The above figure demonstrates the detailed architecture of the Inception_v3 model. As the model is pre-trained on ImageNet except for the last fc layer which is used for classification task, this gives the intuition on our operation on the learning rate. Since we substitute the pre-trained softmax layer with an untrained fc layer, all weights associated with the modified fc layer need to be retrained from scratch. Therefore, it requires larger learning rate. On the contrary, the weights used in middle layers that are well-trained on ImageNet only require minor update, so they use smaller learning rate. We choose the initial learning rate of the fc layer to be 0.001 while the initial learning rate for weights in other layers to be 0.0001 at this step.

Then we trained a model to illustrate our ideas. The training loss as well as the accuracies figures are as follows:

Figure 3.1.1.b InceptionV3_82_random Accuracy and Training Loss Plots

However, the curves in two graphs are far from optimal. We can identify potential drawbacks:

When approaching global optimal, high learning rate may make the model difficult to converge
Relatively high learning rate may result in oscillating validation accuracy

It seems adopting fixed learning rate cannot acquire satisfying validation accuracy, so we consider move from fixed ones to dynamic learning rate.
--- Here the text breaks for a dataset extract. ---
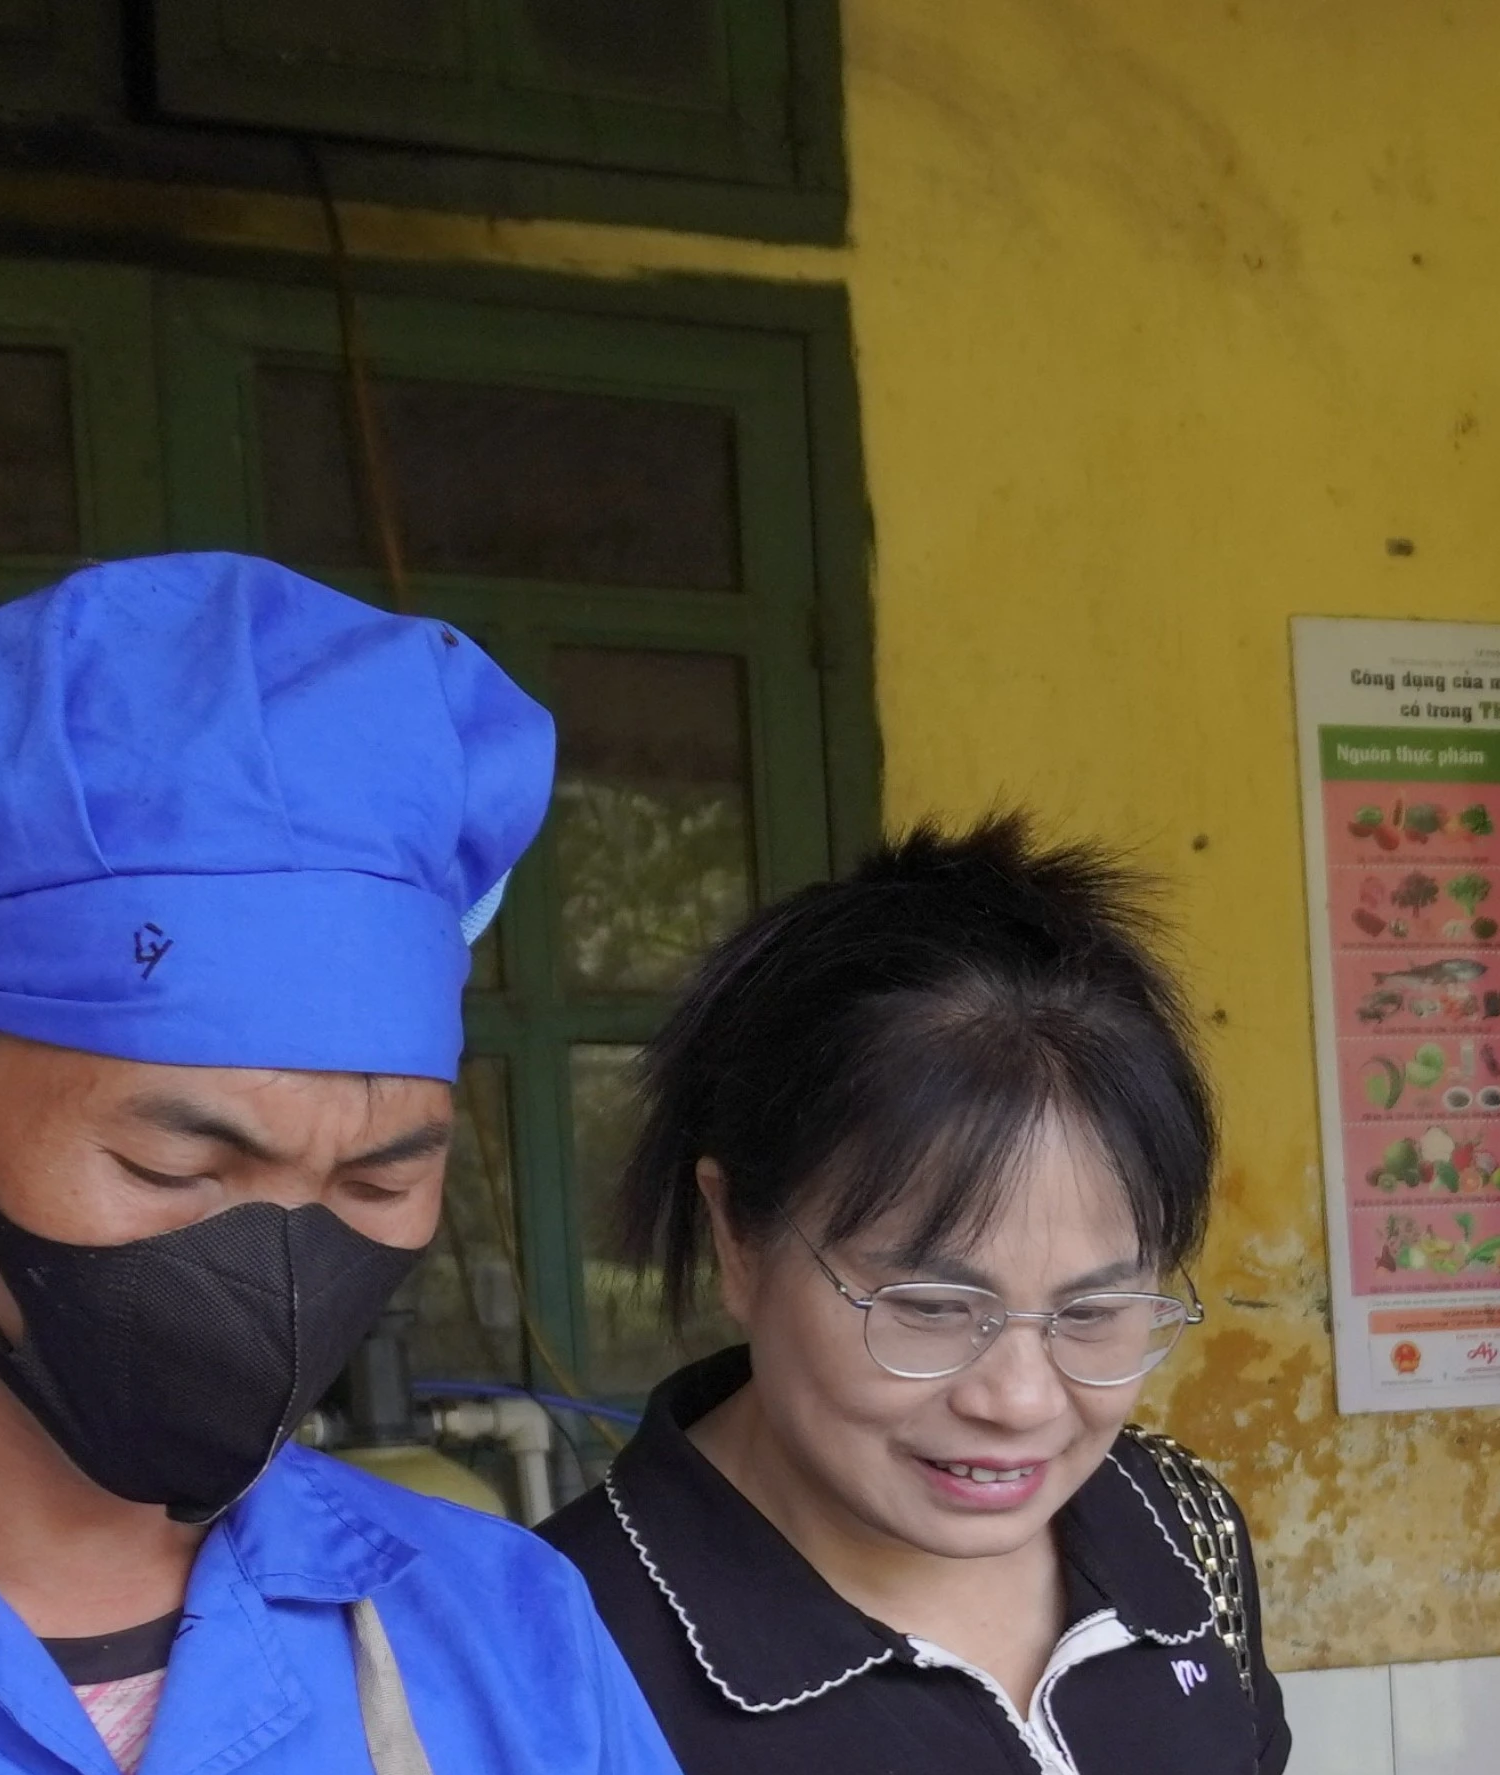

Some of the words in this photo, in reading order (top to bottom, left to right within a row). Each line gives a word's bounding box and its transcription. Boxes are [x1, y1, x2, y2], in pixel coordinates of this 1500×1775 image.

3.1.2 Learning Rate Decay Methodology

Among the learning rate decay functions provided by PyTorch, we choose StepLR, ExponentialLR and CosineAnnealingLR to test the model performance. The common settings of hyperparameter are: step_size = 5, gamma = 0.5.

After taking the gap between training accuracy and validation accuracy as well as the smoothness of the accuracy curve into consideration, we finally choose the model utilizing StepLR learning rate decay and the performance is illustrated as follows:

Figure 3.1.2.a InceptionV3_82_random_LRdecay Accuracy and Training Loss Plots

The above results seems promising, but after looking into the plots of other two models that employ ExponentialLR and CosineAnnealingLR respectively, an important phenomenon comes to our attention. We find the validation accuracy of their plots start to decrease when reaching the end of the training process, which is an indication of over-fitting.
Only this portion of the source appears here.